A história norte-americana das Bruxas de Salém no fim do século 17 é bem conhecida. Ela comprova a existência de histeria e psicoses coletivas, transmissíveis como gripe. Assim como os oportunistas que racionalmente enlouquecem e aproveitam para eliminar seus inimigos de forma fria. Neste trágico episódio, pessoas alegavam ser vítimas de bruxarias e quando pressionadas pelas autoridades saiam acusando a quem lhe conviesse como os enfeitiçadores, e, assim, temos um cenário onde todos poderiam ser bruxos; de pastores em suas discordâncias, a vizinhos, até intrigados por concorrências comerciais. Nessa loucura acusatória até um bebê de 4 anos foi interrogado como adulto e condenado a fogueira. Um Gugu Dadá foi julgado como demoníaco. Pura sandice. E não pensem que coisas assim não voltam a acontecer. Na verdade ocorrem muitas vezes na história.
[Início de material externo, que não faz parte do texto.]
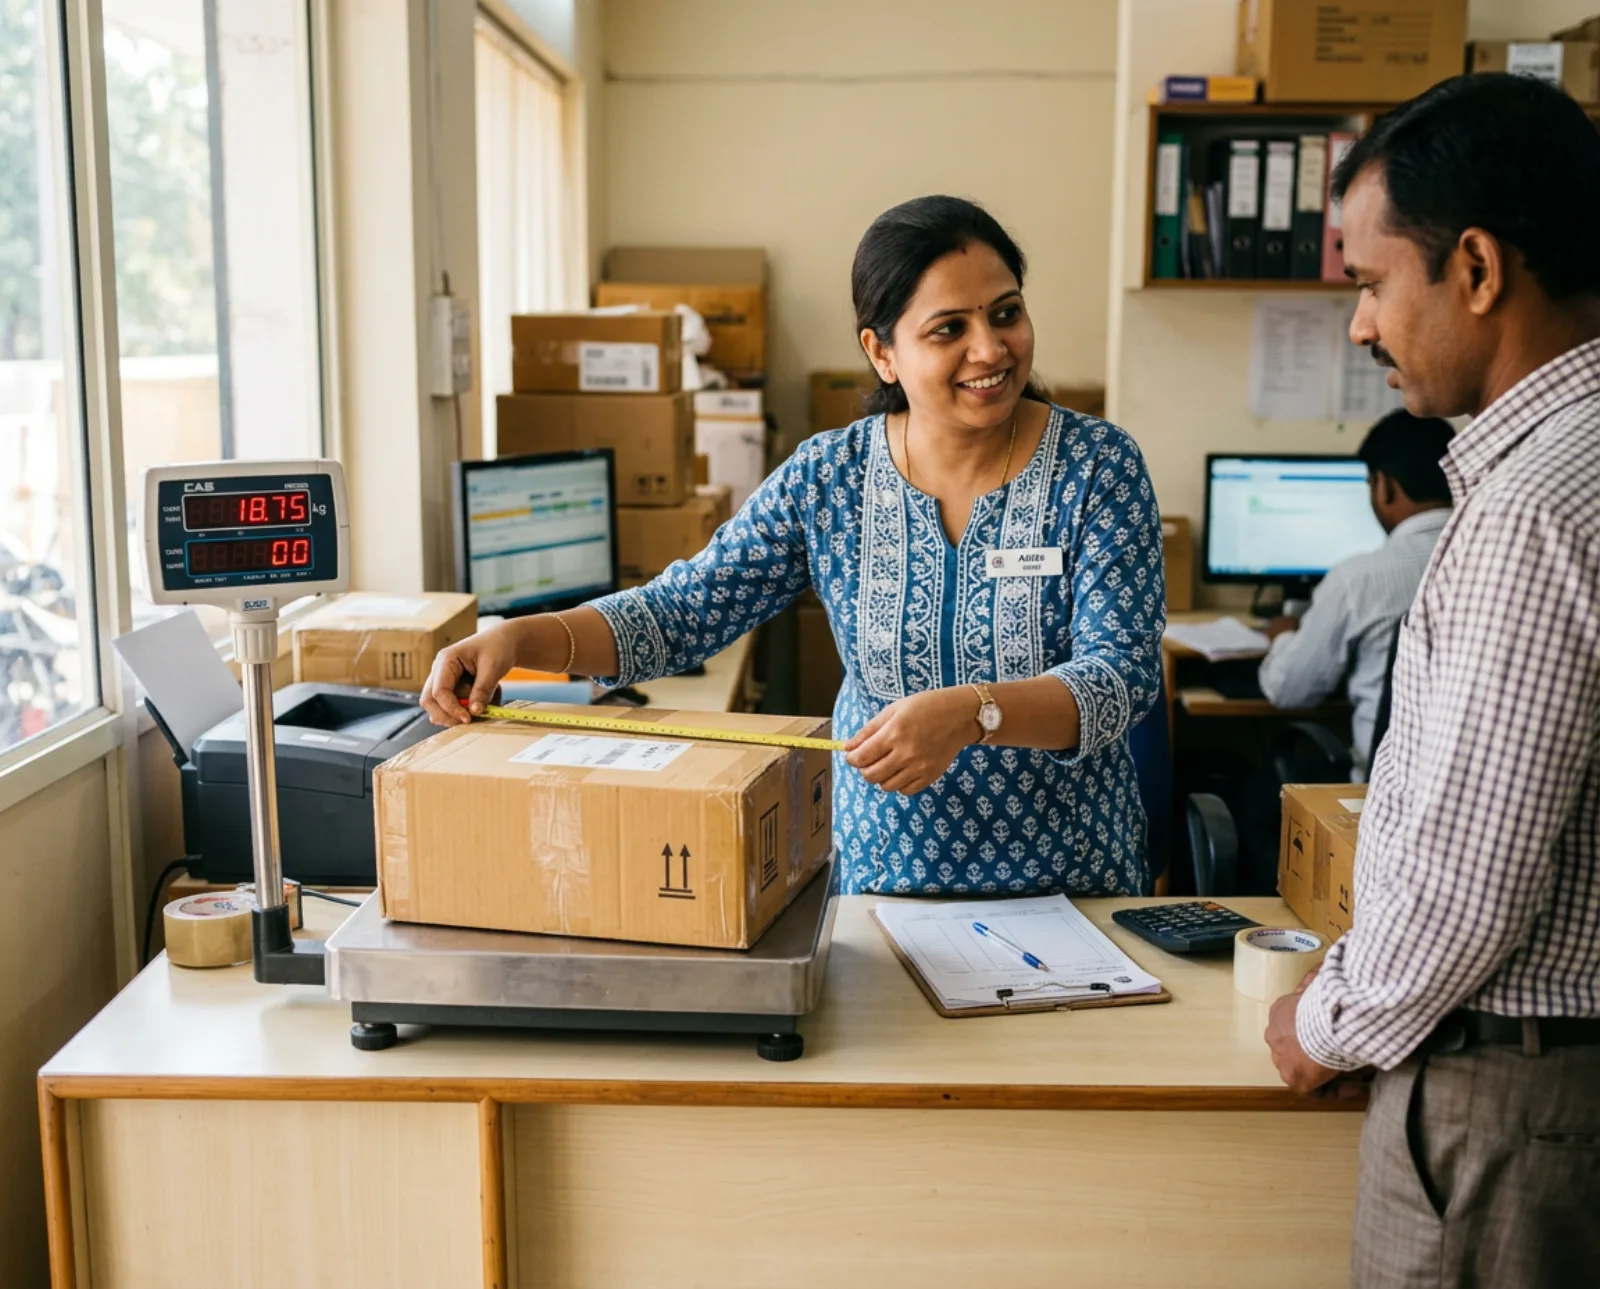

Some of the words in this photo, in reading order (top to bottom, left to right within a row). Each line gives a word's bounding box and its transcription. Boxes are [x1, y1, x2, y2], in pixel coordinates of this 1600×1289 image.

[238, 495, 306, 521] 18.75
[312, 503, 327, 516] kg
[271, 540, 309, 566] 00
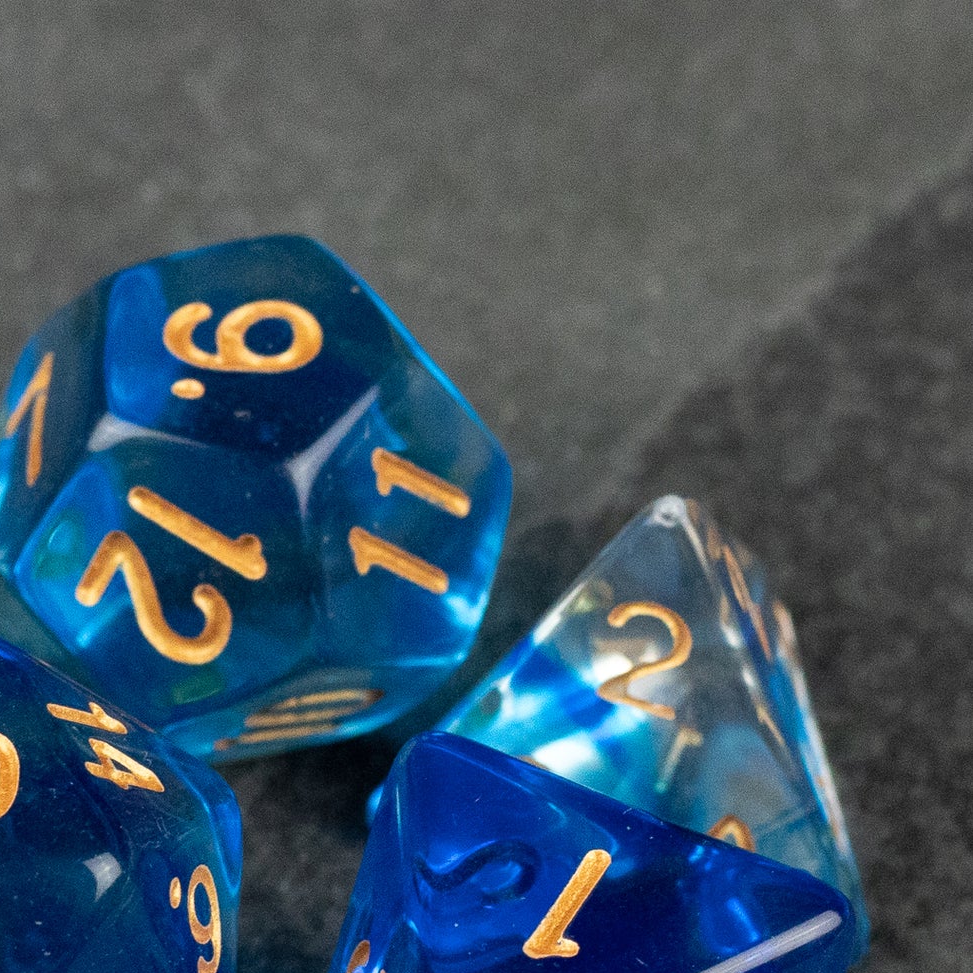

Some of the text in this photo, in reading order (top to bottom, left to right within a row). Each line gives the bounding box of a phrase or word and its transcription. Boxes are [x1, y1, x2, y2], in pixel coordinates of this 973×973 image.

[77, 487, 269, 666] 12
[350, 449, 471, 594] 11
[599, 602, 694, 721] 2
[47, 703, 166, 794] 14
[524, 850, 613, 960] 1
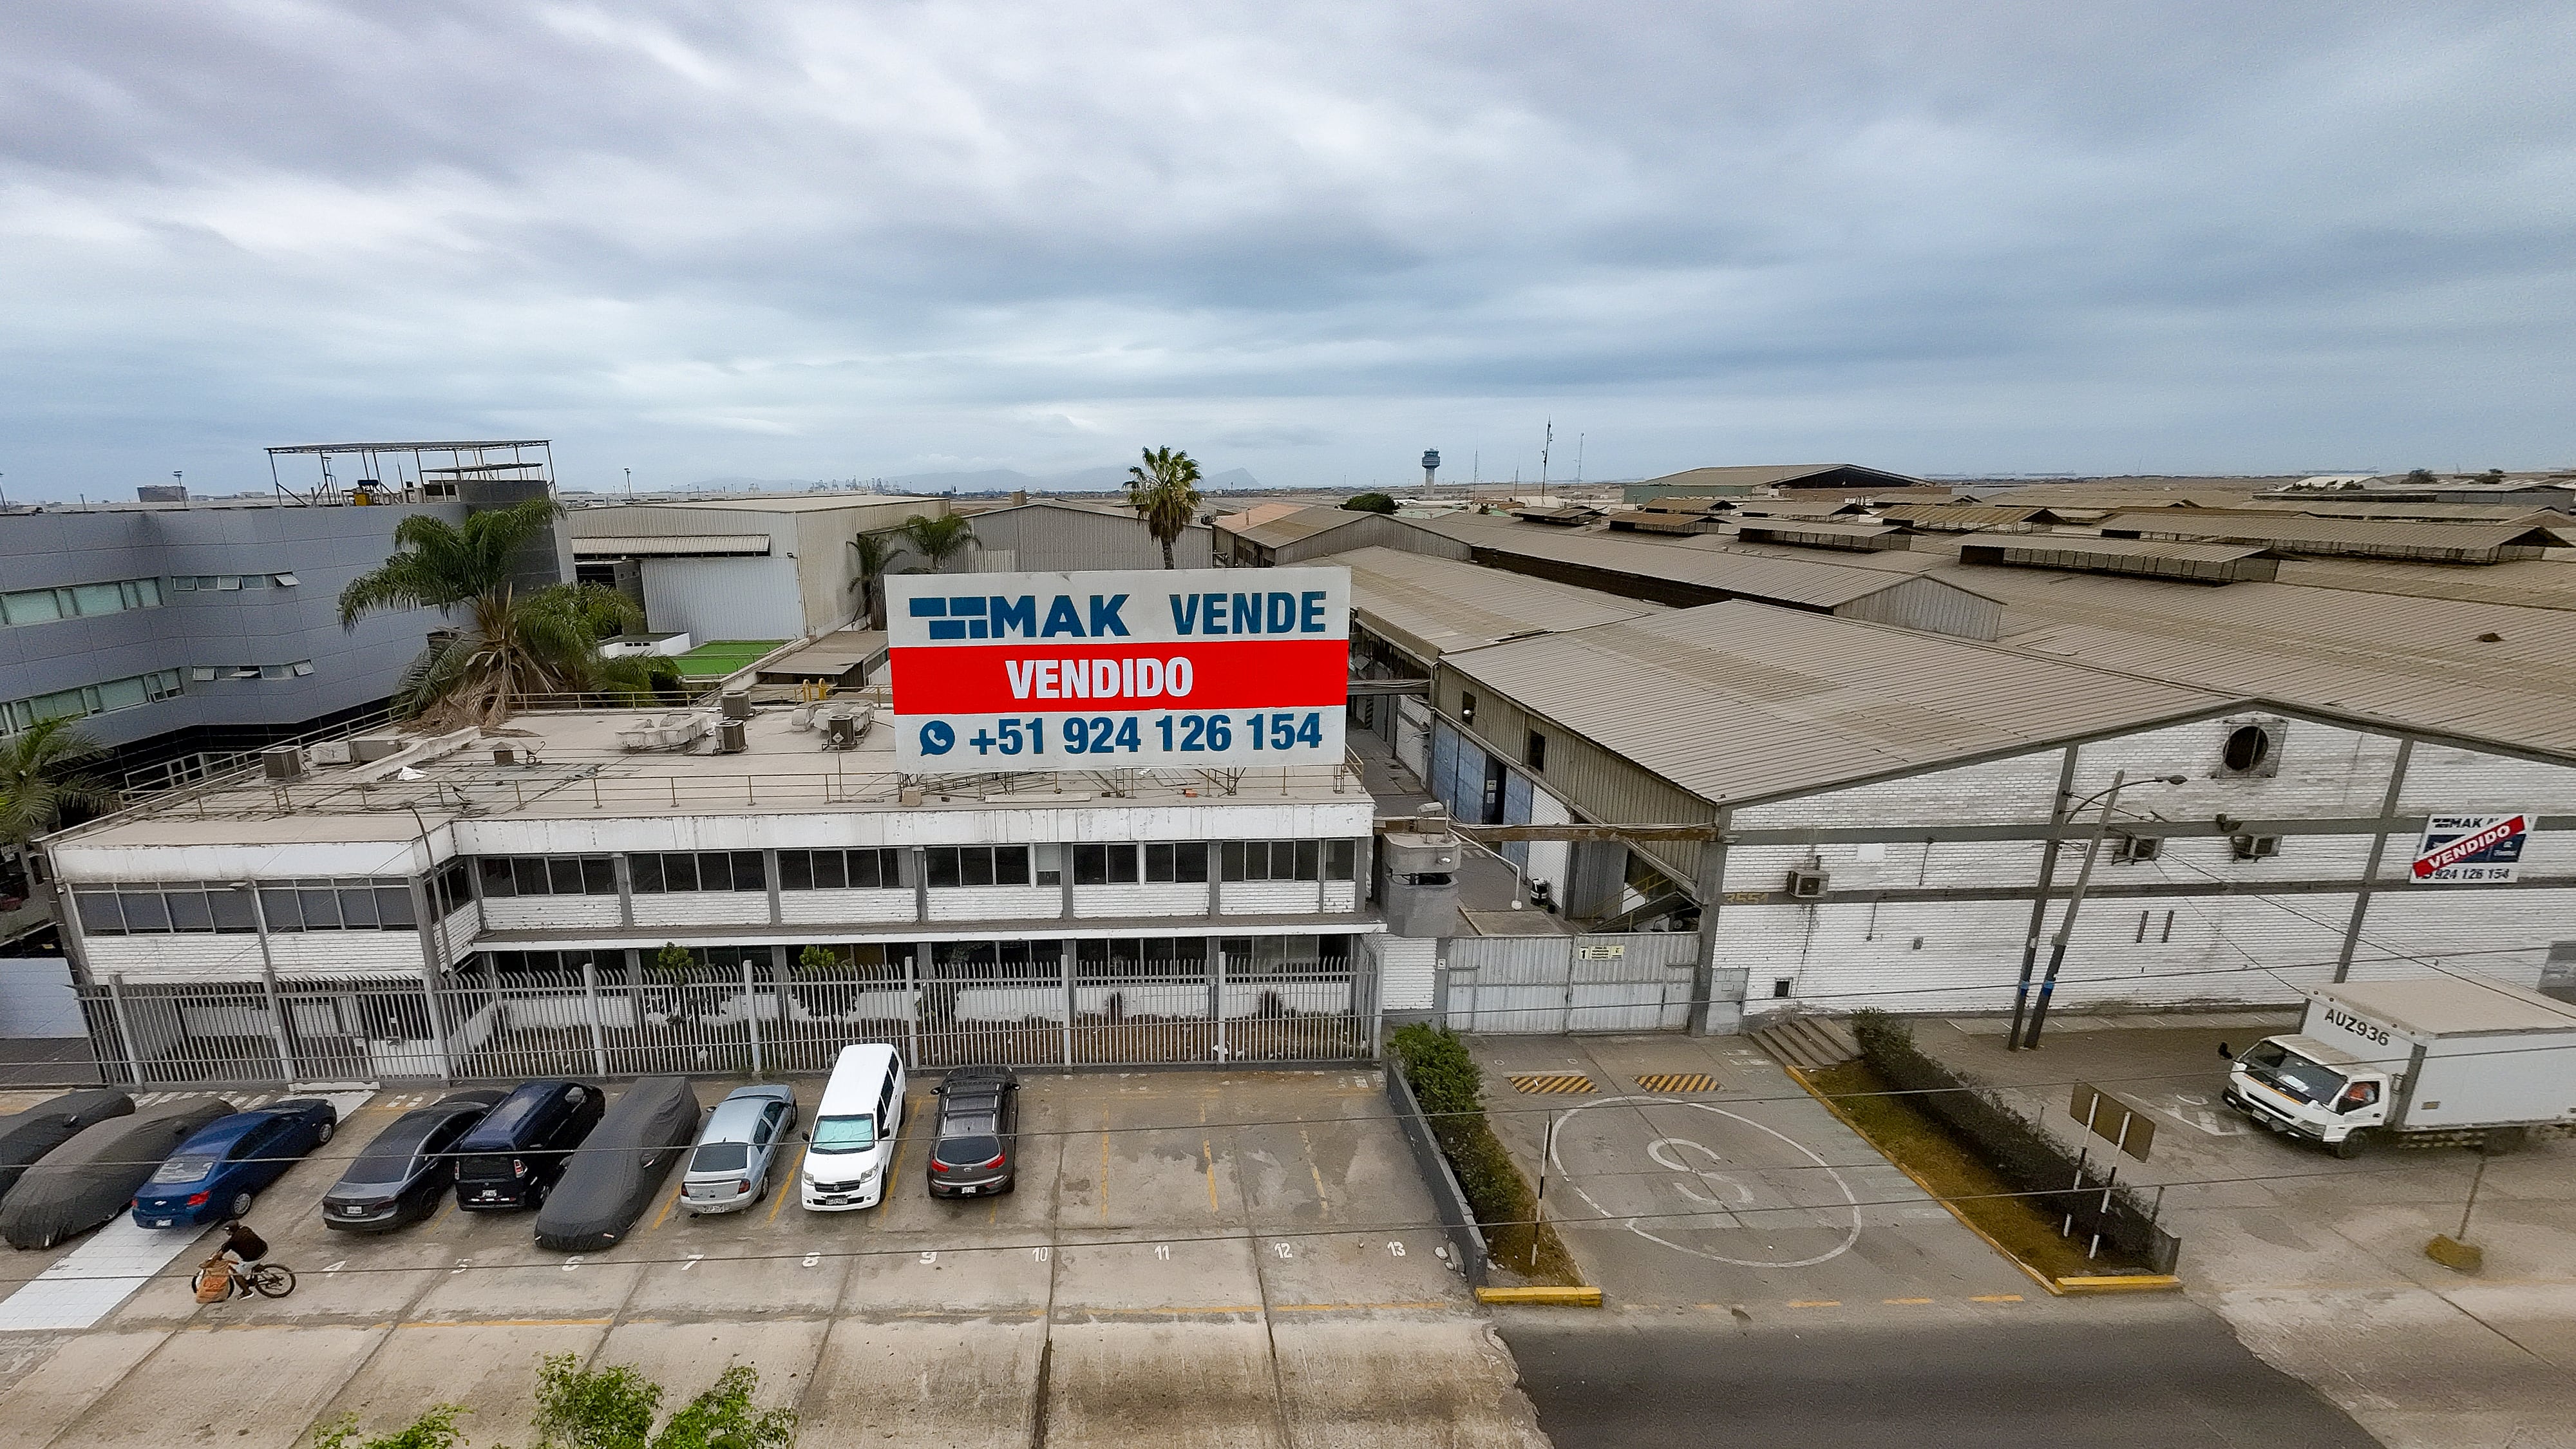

A política brasileira passa por essa fase de todo mundo poder ser um bruxo da corrupção, e todos se esforçam a externar as bruxarias do outro. Os dedos apontam-se mutuamente. Ninguém escapa. O debate sobre os modelos de gestões baseados em visão estratégica e do conhecimento fica sem seriedade nenhuma, nem tão pouco o combate a corrupção ganha mais força e resolutividade. O dinheiro não volta e o roubo não para. A impunidade e o desleixo sobre a corrupção em nosso estado mesmo é um desfile apoteótico. As instituições dançam em círculos, cada uma com seu jogo corporativo. Só ás vezes virtuosos. Mas em geral lentos.

A tecnologia para avanços de gestão já existe. Em todas as áreas do serviço público.

Qual a saída do inócuo efeito Bruxas de Salém na política? A resposta passa pelos subjetivos conceitos de ética e sabedoria, mas que se resolverá na prática com o eleitor como sujeito ativo. Nós, eleitores, que devemos evoluir. Buscar a história e não propagandas, ter noção real da economia mais que da política partidária, ver o tamanho do estado e quanto ele toma de tod@s e observar para quem ele dá (Ultimamente no Brasil vivemos a era dos pagamentos altos da divida pública e dos campeões nacionais - vide Odebrecht, JBS e outros que não eram ainda tidos como bruxos tal qual o Duda Mendonça do Jampa Digital) que deu no que deu. Fugir da priorização da satisfação imediata na hora do voto, fugir de personalismos, e, buscarmos as experiências que deram certo e que se empenham em ainda se aperfeiçoarem mais. E sem essa de cultos a ninguém. Esses cultos a políticos sempre custaram caro à sociedade. Nosso evoluir é que deve superar os bruxistas dos males da gestão pública, que nem pune nem melhora os mecanismos de gestão. Essa tarefa é nossa. Elevemos nossos critérios para com a democracia em sua radicalidade. Por melhorias mesmo!

É nosso senso de sí mesmo que está em jogo. Disso se gera a sociedade.